Dataset records:
↓
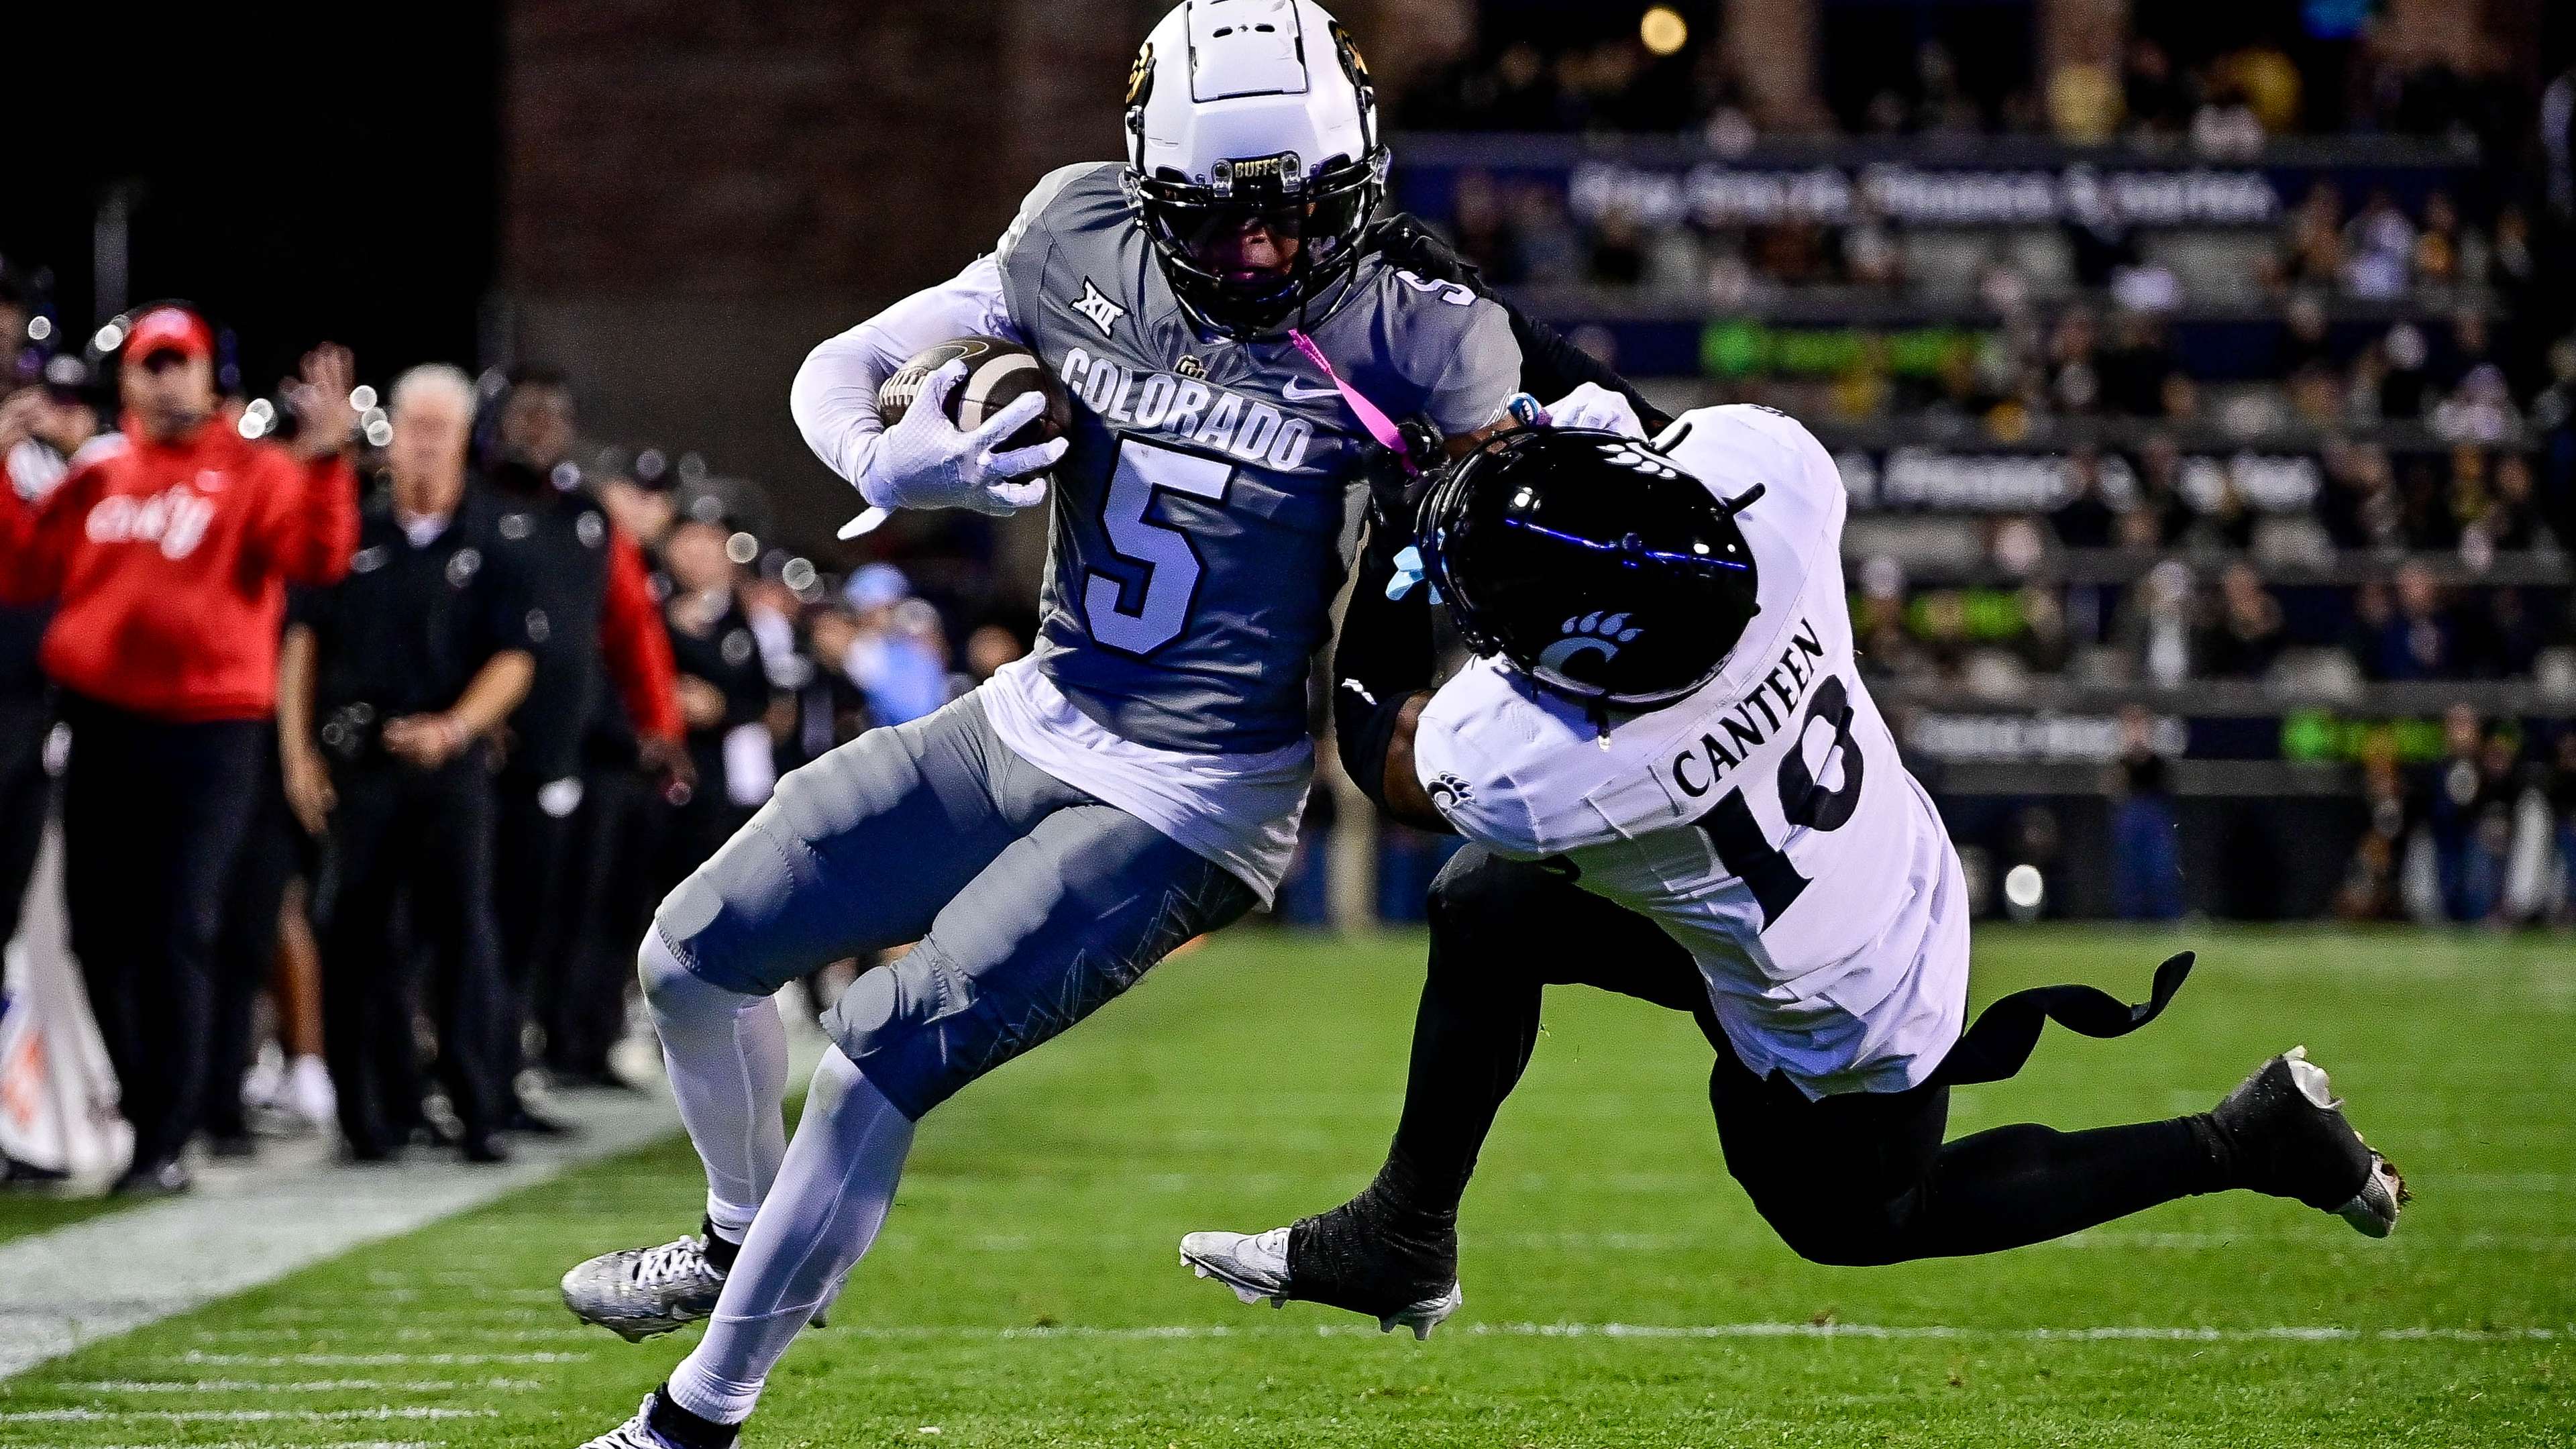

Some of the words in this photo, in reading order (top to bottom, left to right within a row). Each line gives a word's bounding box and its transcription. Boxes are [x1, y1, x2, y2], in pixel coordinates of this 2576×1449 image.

[1235, 158, 1279, 178] BUFFS
[1071, 279, 1125, 337] XII
[1060, 347, 1313, 470] COLORADO
[1082, 435, 1234, 657] 5
[1672, 616, 1825, 798] CANTEEN
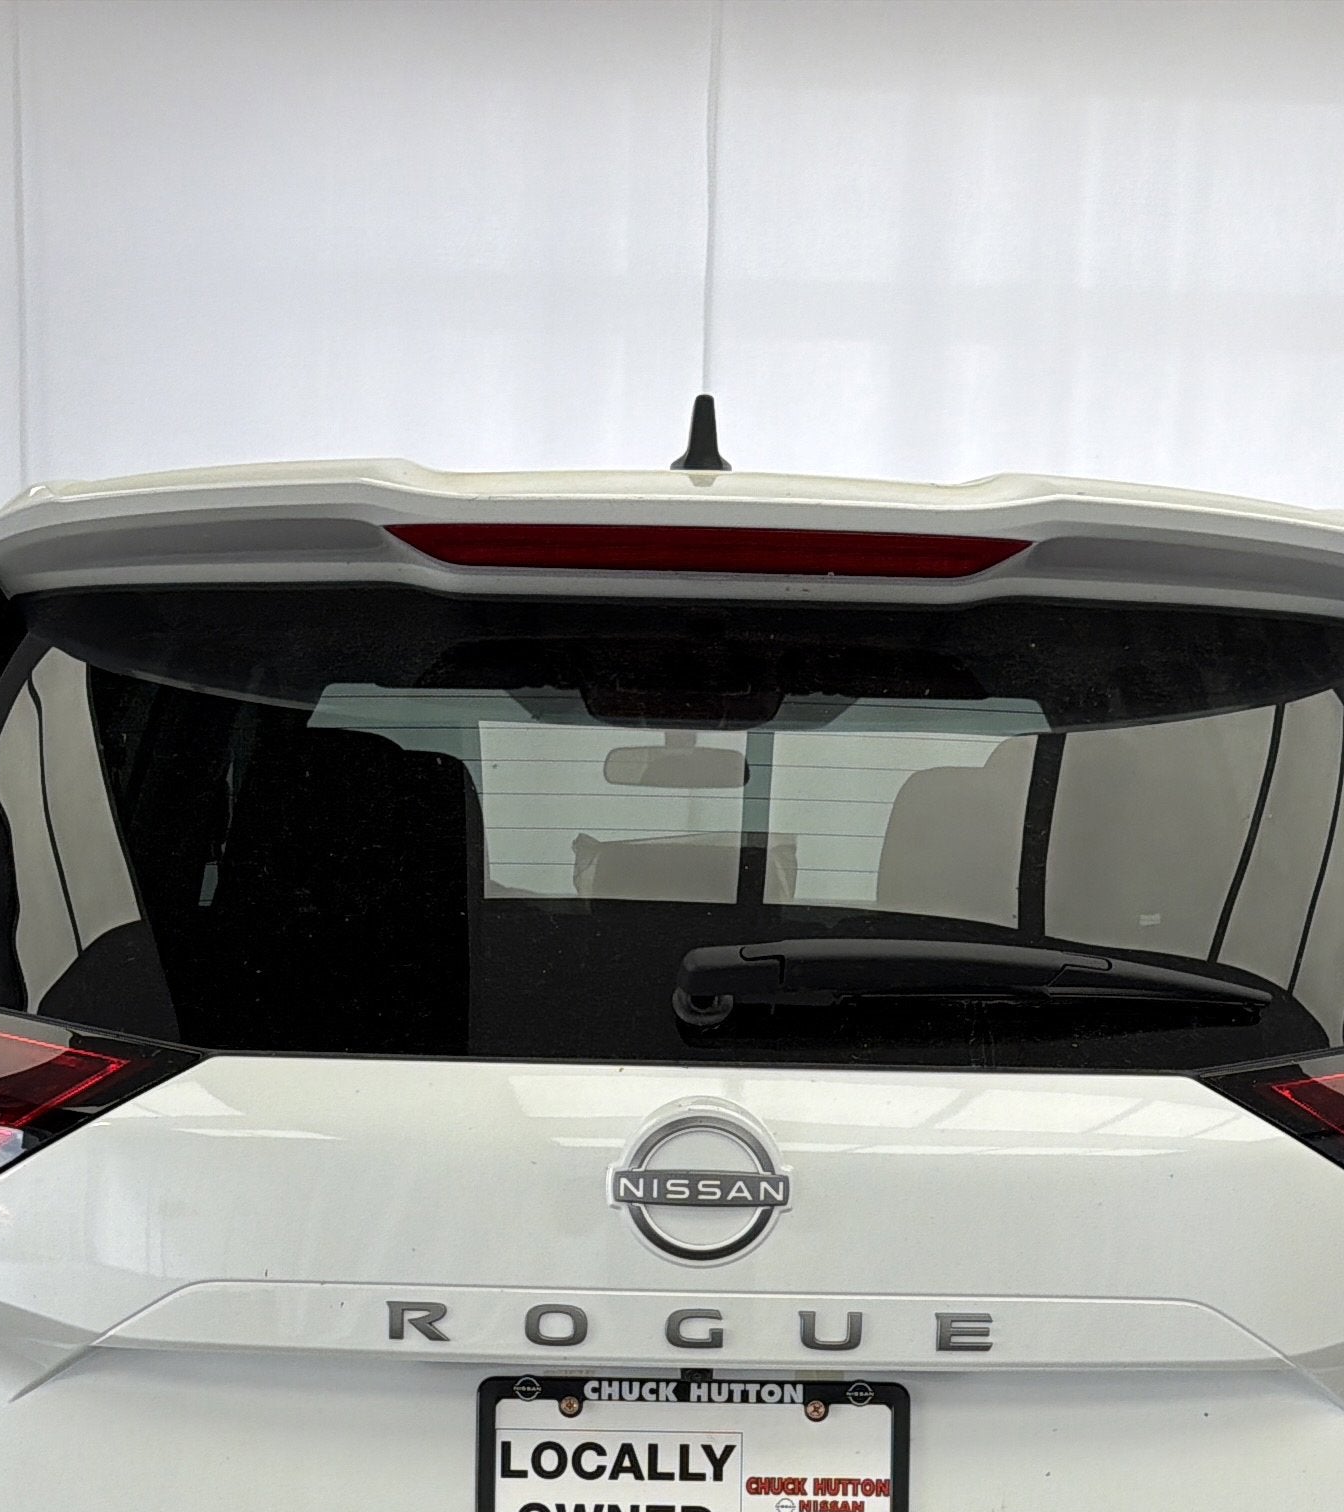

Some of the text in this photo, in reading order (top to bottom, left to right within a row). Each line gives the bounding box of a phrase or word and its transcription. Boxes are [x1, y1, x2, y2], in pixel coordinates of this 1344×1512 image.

[618, 1174, 785, 1202] NISSAN
[386, 1300, 994, 1351] ROGUE
[583, 1380, 804, 1404] CHUCK HUTTON
[500, 1440, 737, 1482] LOCALLY
[746, 1476, 891, 1497] CHUCK HUTTON
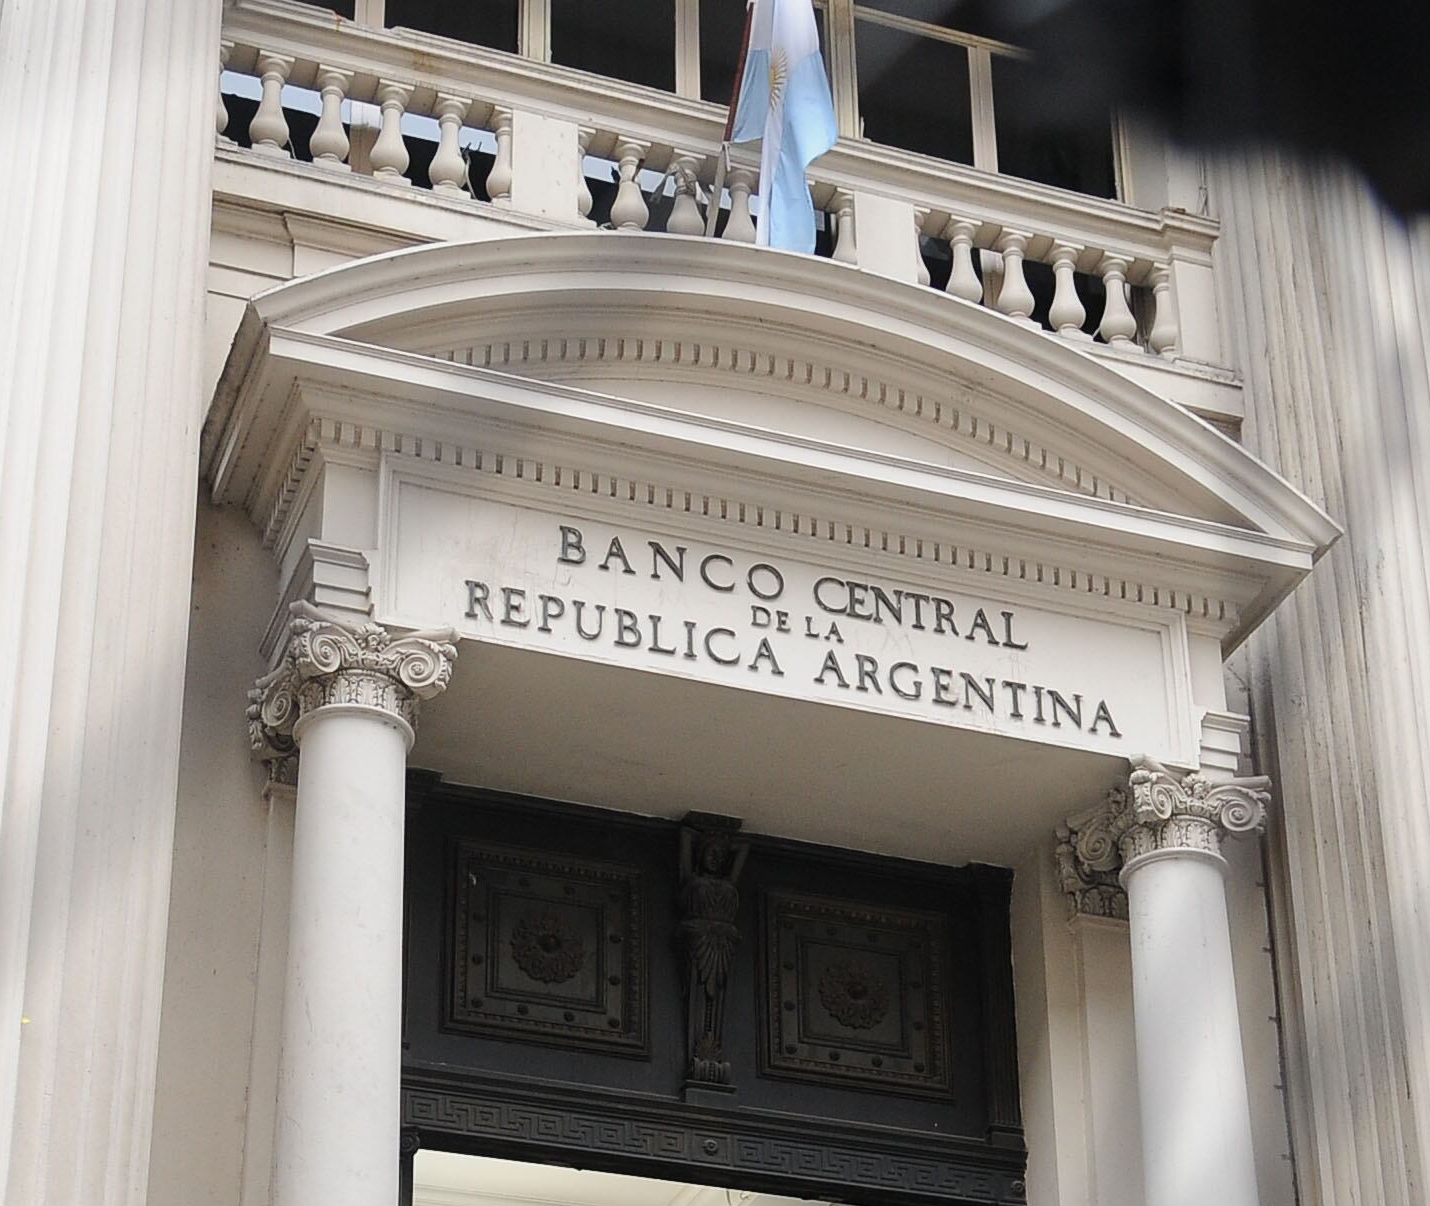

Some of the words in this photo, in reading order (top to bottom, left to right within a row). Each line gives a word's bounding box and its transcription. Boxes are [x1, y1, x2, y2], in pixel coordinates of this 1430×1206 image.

[557, 525, 785, 601] BANCO
[813, 576, 1028, 650] CENTRAL
[751, 605, 791, 633] DE
[804, 616, 844, 643] LA
[464, 580, 784, 676] REPUBLICA
[814, 649, 1123, 739] ARGENTINA
↑
ASSIGNMENT:
One exact copy of the data, no pictures: write it out line for line.

SOLUTION TO THE PROBLEM:
Some of the words in this photo, in reading order (top to bottom, left to right within a row). Each line gives a word's bounding box and its transcription. Boxes are [x1, y1, x2, y2], in pixel coordinates of this 2576×1449 image.

[1235, 158, 1279, 178] BUFFS
[1071, 279, 1125, 337] XII
[1060, 347, 1313, 470] COLORADO
[1082, 435, 1234, 657] 5
[1672, 616, 1825, 798] CANTEEN

Some of the text in this photo, in reading order (top to bottom, left to right within a row). Each line gives the bounding box of a phrase or word and its transcription. Boxes are [x1, y1, x2, y2], in pixel coordinates of this 1344×1512 image.

[618, 1174, 785, 1202] NISSAN
[386, 1300, 994, 1351] ROGUE
[583, 1380, 804, 1404] CHUCK HUTTON
[500, 1440, 737, 1482] LOCALLY
[746, 1476, 891, 1497] CHUCK HUTTON

Some of the words in this photo, in reading order (top to bottom, left to right within a row). Each line gives a word's bounding box and its transcription. Boxes are [x1, y1, x2, y2], in pixel coordinates of this 1430×1206 image.

[557, 525, 785, 601] BANCO
[813, 576, 1028, 650] CENTRAL
[751, 605, 791, 633] DE
[804, 616, 844, 643] LA
[464, 580, 784, 676] REPUBLICA
[814, 649, 1123, 739] ARGENTINA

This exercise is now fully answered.